(Material provided)

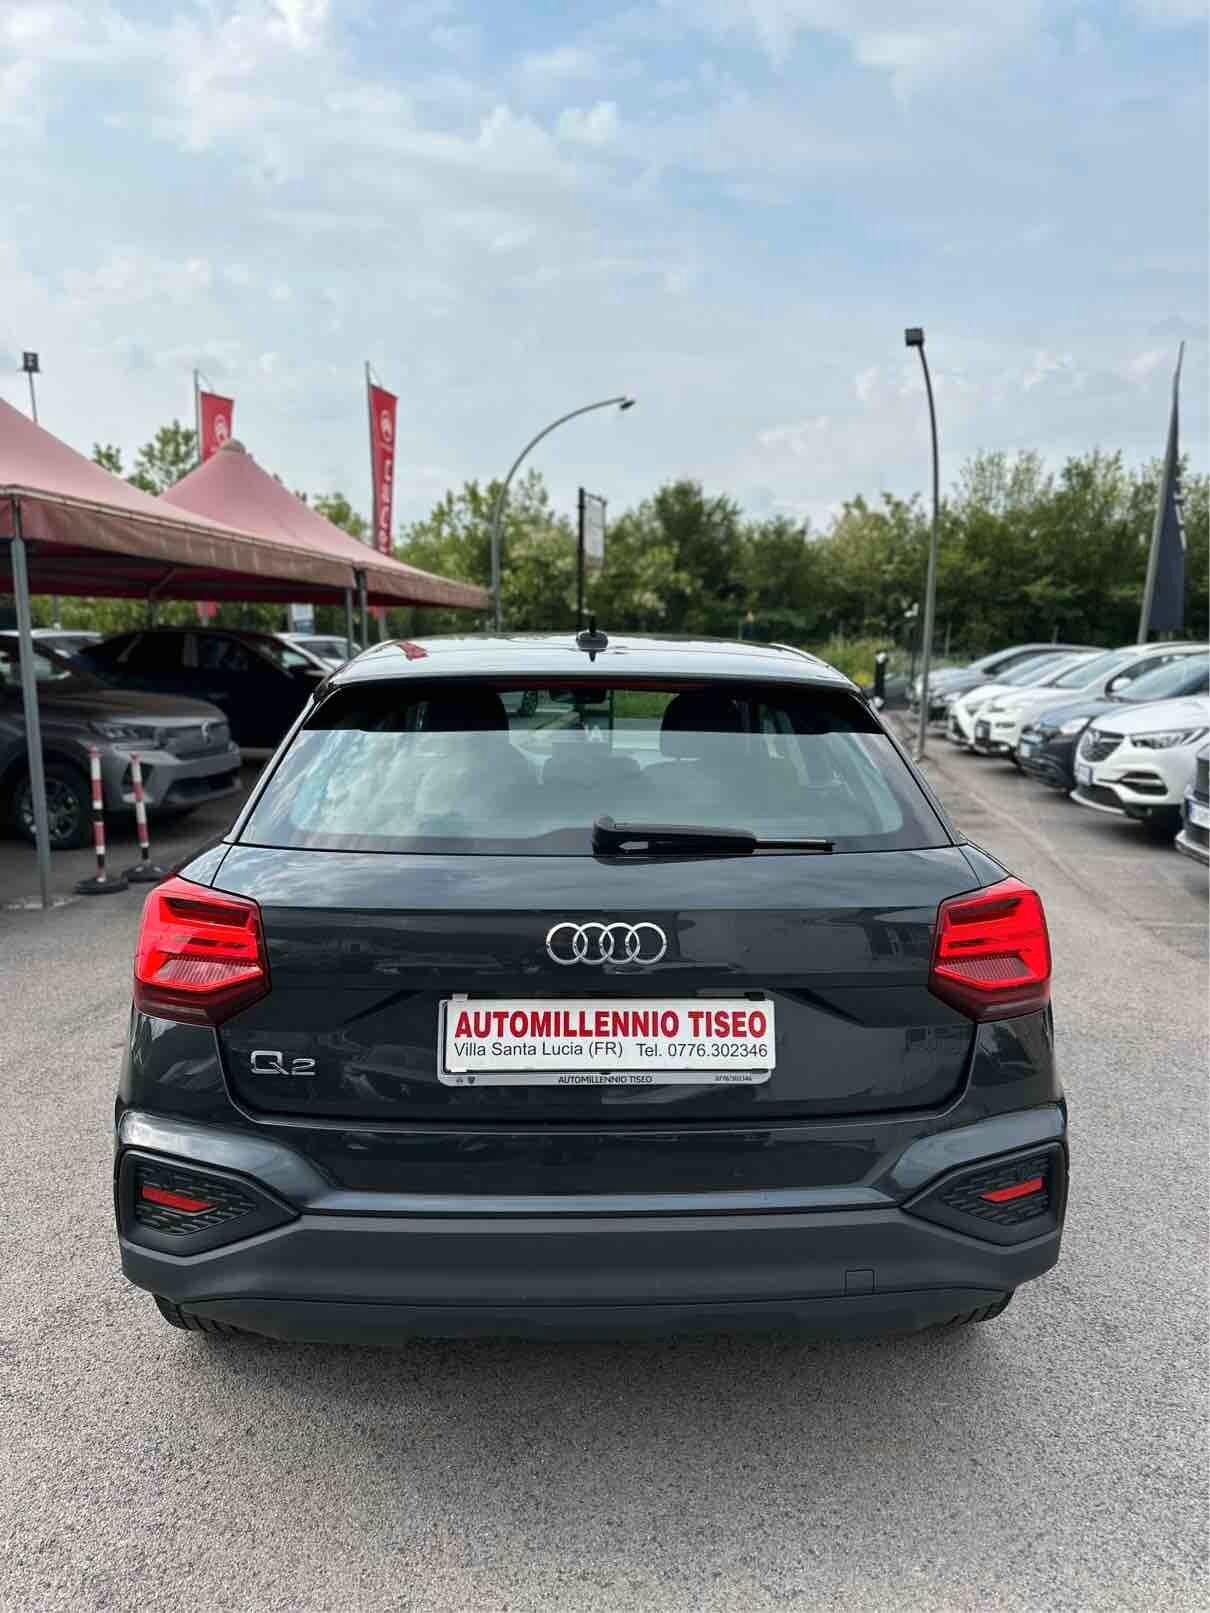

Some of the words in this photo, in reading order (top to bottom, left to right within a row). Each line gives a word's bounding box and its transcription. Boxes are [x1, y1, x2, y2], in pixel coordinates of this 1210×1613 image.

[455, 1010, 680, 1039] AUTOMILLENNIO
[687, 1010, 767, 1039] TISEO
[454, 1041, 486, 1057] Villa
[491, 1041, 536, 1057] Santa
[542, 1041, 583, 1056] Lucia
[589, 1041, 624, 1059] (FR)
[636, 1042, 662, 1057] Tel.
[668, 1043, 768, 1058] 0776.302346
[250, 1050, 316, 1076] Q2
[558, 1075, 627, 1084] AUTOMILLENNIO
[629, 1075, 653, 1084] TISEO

(End Material provided)

*What needs to be done*
Only the pictures stay behind; copy everything else in the records above exactly.

*Your response*
Some of the words in this photo, in reading order (top to bottom, left to right within a row). Each line gives a word's bounding box and its transcription. Boxes are [x1, y1, x2, y2], in pixel coordinates of this 1210×1613 image.

[455, 1010, 680, 1039] AUTOMILLENNIO
[687, 1010, 767, 1039] TISEO
[454, 1041, 486, 1057] Villa
[491, 1041, 536, 1057] Santa
[542, 1041, 583, 1056] Lucia
[589, 1041, 624, 1059] (FR)
[636, 1042, 662, 1057] Tel.
[668, 1043, 768, 1058] 0776.302346
[250, 1050, 316, 1076] Q2
[558, 1075, 627, 1084] AUTOMILLENNIO
[629, 1075, 653, 1084] TISEO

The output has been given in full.